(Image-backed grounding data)
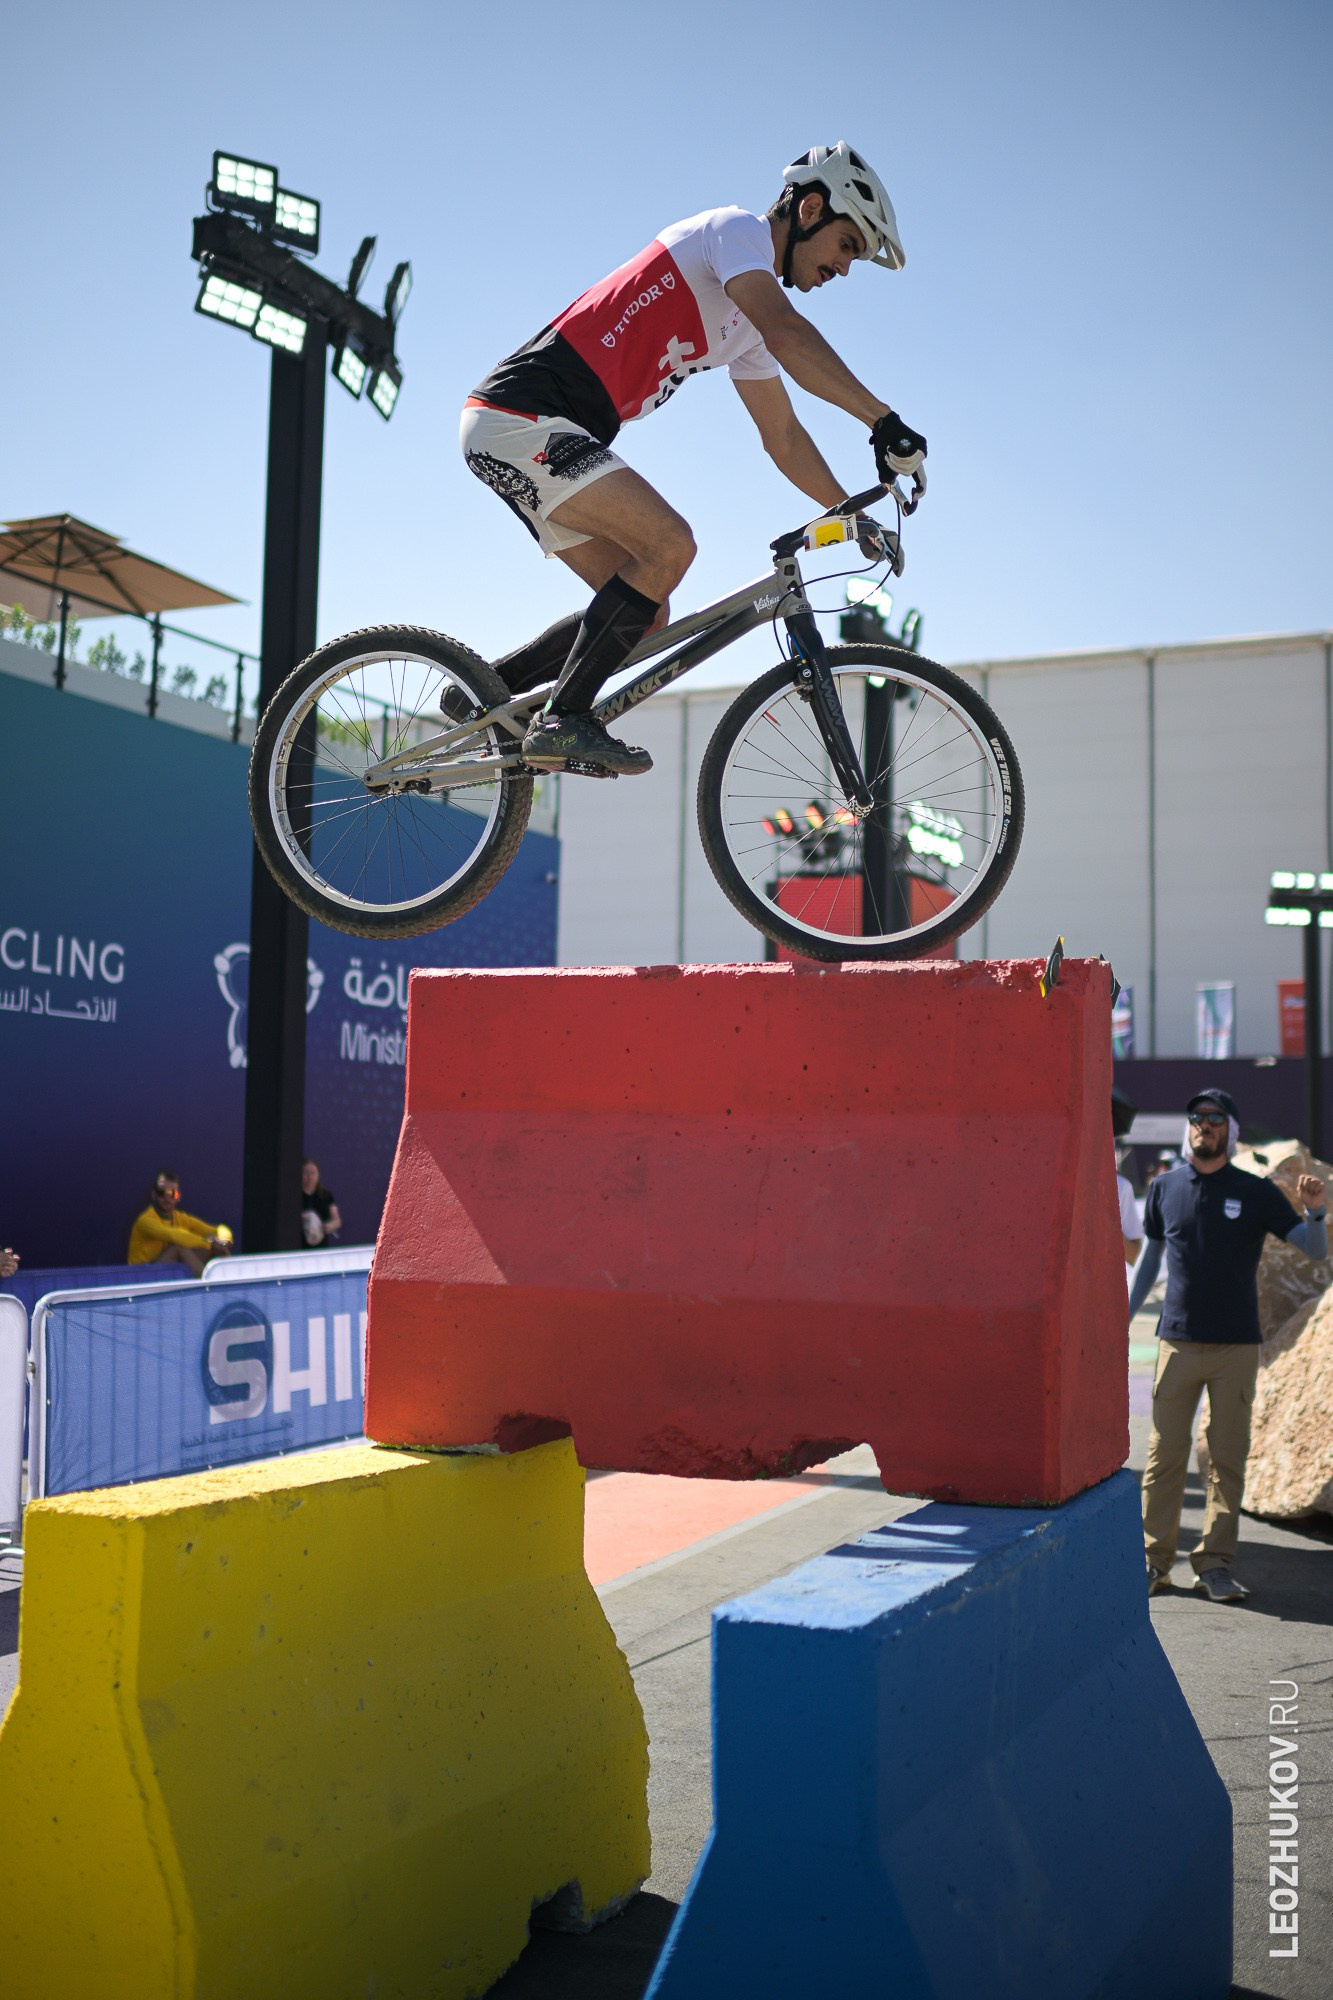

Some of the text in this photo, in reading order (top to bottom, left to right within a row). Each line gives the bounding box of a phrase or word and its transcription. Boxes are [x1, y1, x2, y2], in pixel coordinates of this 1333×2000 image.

[614, 284, 663, 334] TUDOR
[990, 737, 1005, 761] VEE
[1000, 761, 1012, 793] TIRE
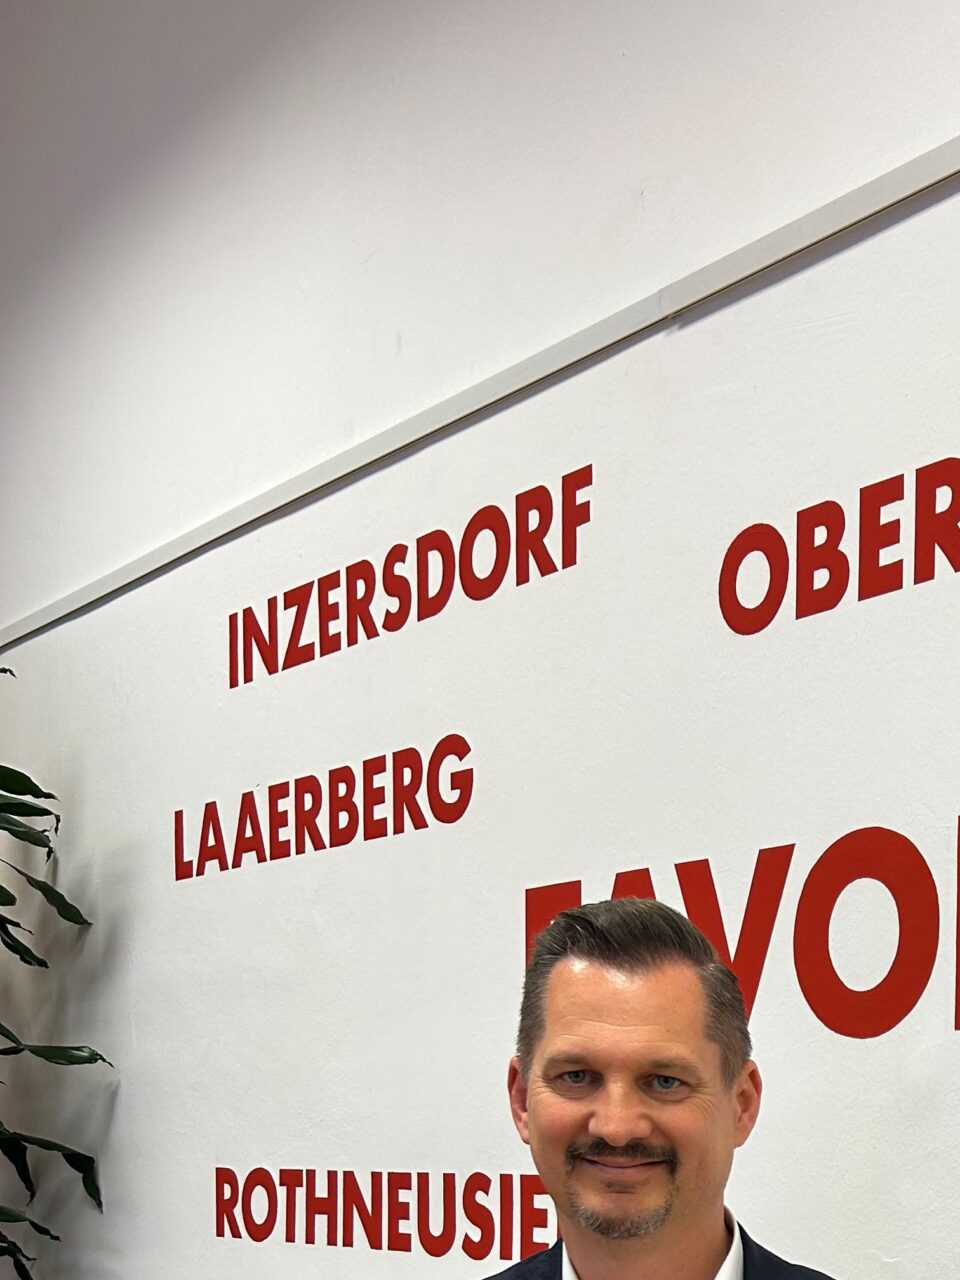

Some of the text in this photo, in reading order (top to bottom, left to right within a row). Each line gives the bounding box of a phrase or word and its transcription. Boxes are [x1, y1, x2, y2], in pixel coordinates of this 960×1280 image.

*WHAT THE EXERCISE ASKS*. Please give the entries again word for word, without any pictures.

*FINAL ANSWER*.
Some of the text in this photo, in reading order (top to bottom, left to right within a row). Each line gives the bounding box of a phrase or word and its transcription. Boxes are [x1, y1, x2, y2], in pixel coordinates of this 1333×2000 image.

[614, 284, 663, 334] TUDOR
[990, 737, 1005, 761] VEE
[1000, 761, 1012, 793] TIRE

Some of the text in this photo, in reading order (top to bottom, left to right within a row). Each line gives the bounding box of a phrase or word and its transcription. Boxes are [x1, y1, x2, y2], in pixel coordinates of this 960×1280 image.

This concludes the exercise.